Nepal moves up to lower-middle-income country, says World Bank reportEconomists say Nepal may relapse to ‘low-income’ status as incomes and jobs evaporate due to the pandemic.
Nepal has risen up the ranking to a ‘lower-middle-income’ country from a 'low-income' country, the World Bank said in its latest country classifications by income level report.
The Himalayan republic's gross national income (GNI) per capita rose to $1,090 in 2019, exceeding the required threshold of $1,036, and pushed it up a notch.
The GNI per capita is the country's annual income divided by population. In 2018, it was $960. The classifications, which are updated annually on July 1, are based on GNI per capita.
Economists said it was good news but it would be short-lived. Because of the economic downturn with high levels of unemployment at home and abroad triggered by Covid-19, Nepal is likely to return to the status of low-income country this year, they said.

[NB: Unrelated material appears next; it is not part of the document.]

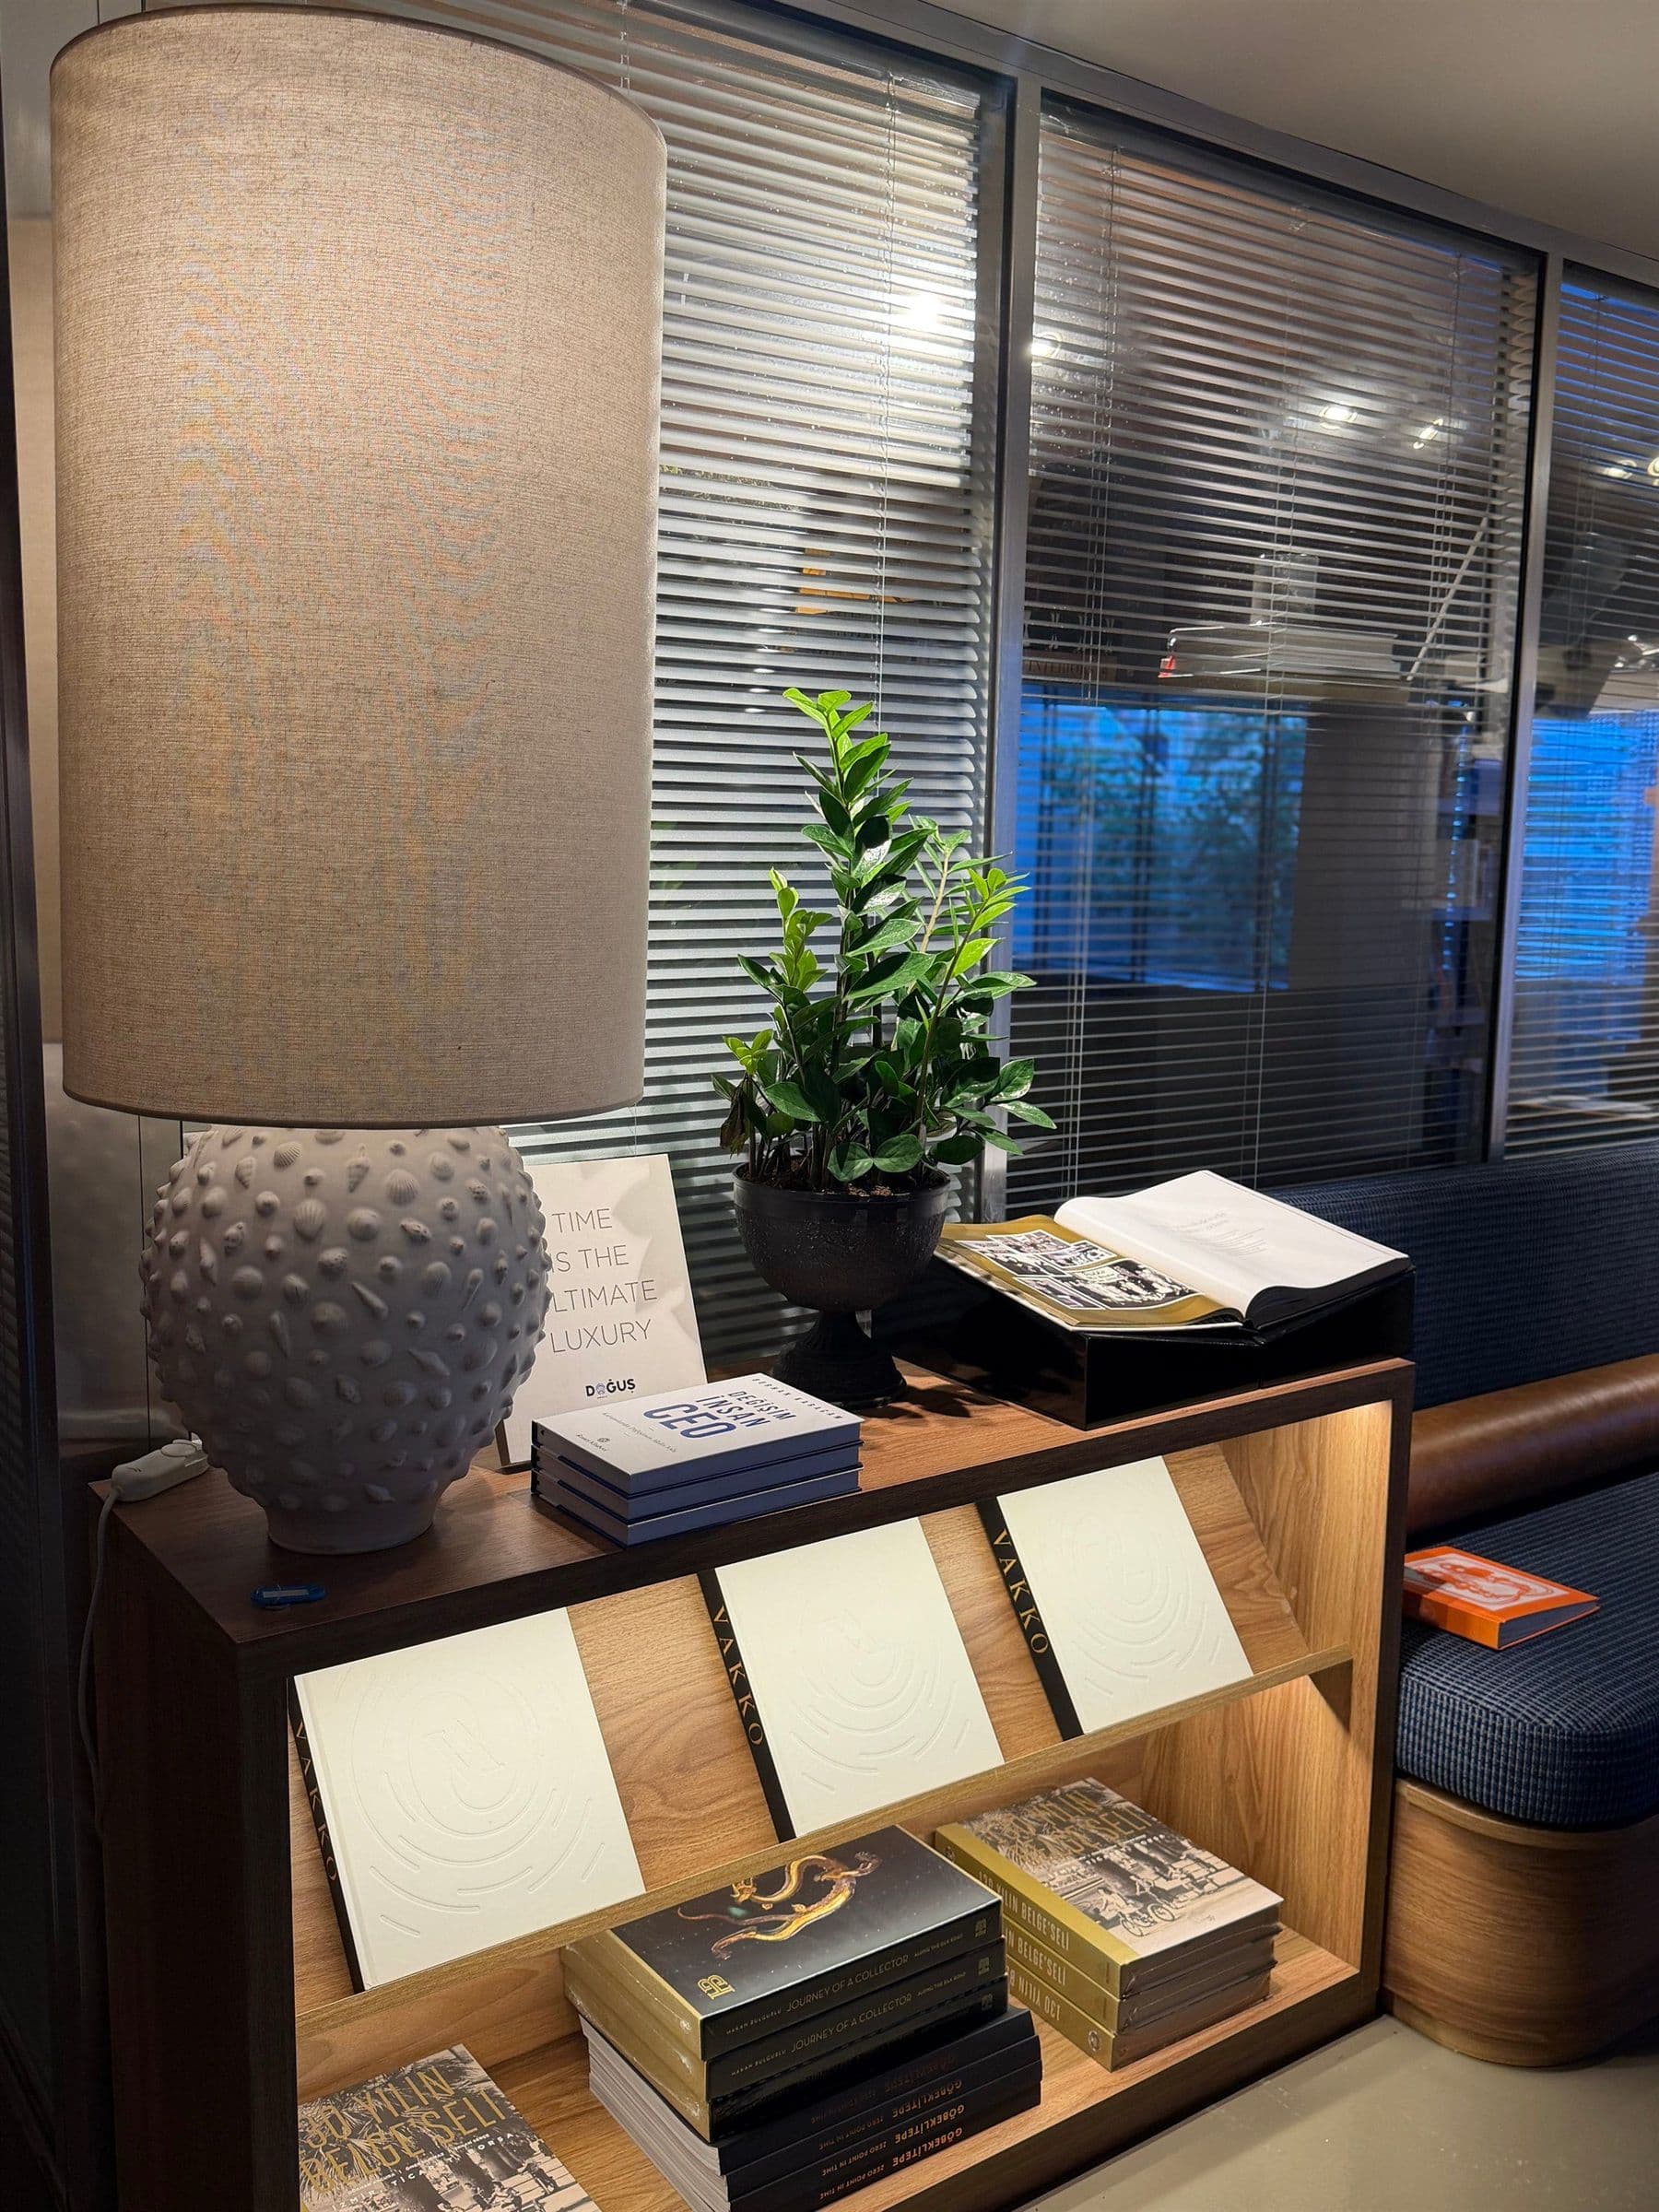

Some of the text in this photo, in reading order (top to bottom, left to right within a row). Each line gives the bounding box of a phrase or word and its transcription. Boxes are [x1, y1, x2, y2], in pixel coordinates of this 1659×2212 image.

GNI includes the country’s gross domestic product (GDP) and earnings received from overseas sources like remittance.
The World Bank assigns the world’s economies to four income groups—low, lower-middle, upper-middle, and high-income countries. In each country, factors such as economic growth, inflation, exchange rates, and population growth influence GNI per capita.
According to the World Bank, countries with a GNI per capita of $12,535 are considered high income, while upper-middle-income status countries have a GNI per capita of $4,046 to $12,535.
Similarly, the lower-middle-income category includes countries with a GNI per capita of $1,036 to $4,045; and countries with a GNI per capita of less than $1,036 are considered low-income.
The bank said that it had taken account of the income classifications through the use of the GNI figures of 2019, which do not yet reflect the impact of Covid-19.
“The coronavirus pandemic has upended the country’s economy, and as a result of this existing crisis, incomes at home and abroad both are expected to decrease sharply this year or even in the next year,” said economist Bishwambher Pyakuryal. “That means the gross national income will suffer, and that will bring Nepal back among low-income countries.”
The June 2020 edition of the World Bank’s Global Economic Prospects projected Nepal’s economic growth to decelerate to a dismal 1.8 percent this fiscal year, which ends in mid-July, due to pandemic-related disruptions including mitigation measures and sharp falls in exports and remittance inflows.
The bank has painted a grim picture of Nepal’s economic growth for the fiscal year 2020-21, stating that Covid-19 outbreaks in the most advanced economies appear to be abating, but the pandemic is rapidly spreading across low-income countries like Nepal, where health care systems are poor.
For the next fiscal year, it has forecast Nepal to grow at a markedly lower rate of 2.1 percent.
The income from remittances totalled $8.1 billion last year, which is more than a quarter of Nepal's gross domestic product, but are likely to drop 14 percent in 2020 because of the global recession caused by the virus, as well as a fall in oil prices, the World Bank says.
Tens of thousands of Nepali migrants who work in the oil-rich Gulf countries and Malaysia have been laid off, and the never-ending pandemic may force the remaining workers to return home.
Nepal has made progress in poverty reduction over the past 20 years. The estimated poverty headcount ratio (at the $1.90 per person per day international poverty line) was 15 percent in 2010, which further declined to 8 percent in 2019.
At a higher line of $3.20 a day, 39 percent of the population in Nepal is estimated to be poor in 2019, a 15 percentage-point decrease from 2010.
About 31 percent of the population that is estimated to live between $1.9 and $3.2 a day faces significant risks of falling into extreme poverty, primarily because of reduced remittances, foregone earnings of potential migrants, job losses in the informal sector, and rising prices for essential commodities as a result of Covid-19, the bank said.
“Despite the successful and rapid reduction in poverty, due to the low-growth trap even before the Covid-19 pandemic, Nepal was not in a position to become a lower-middle-income country before 2030. With growth stalling for a few years due to the pandemic, graduating to a lower-middle-income country before 2030 has now become a distant dream,” said economist Pyakuryal.
“Nepal urgently needs to change its development model and require comprehensive structural reforms post-coronavirus pandemic because the current development path is not aiding it to escape from the low-growth trap.”
In South Asia, the report shows that Sri Lanka fell from an ‘upper-middle-income’ country to ‘lower-middle-income’ country last year. “Nepal may suffer the same situation this year because of a sharp fall in the gross national income,” said Pyakuryal.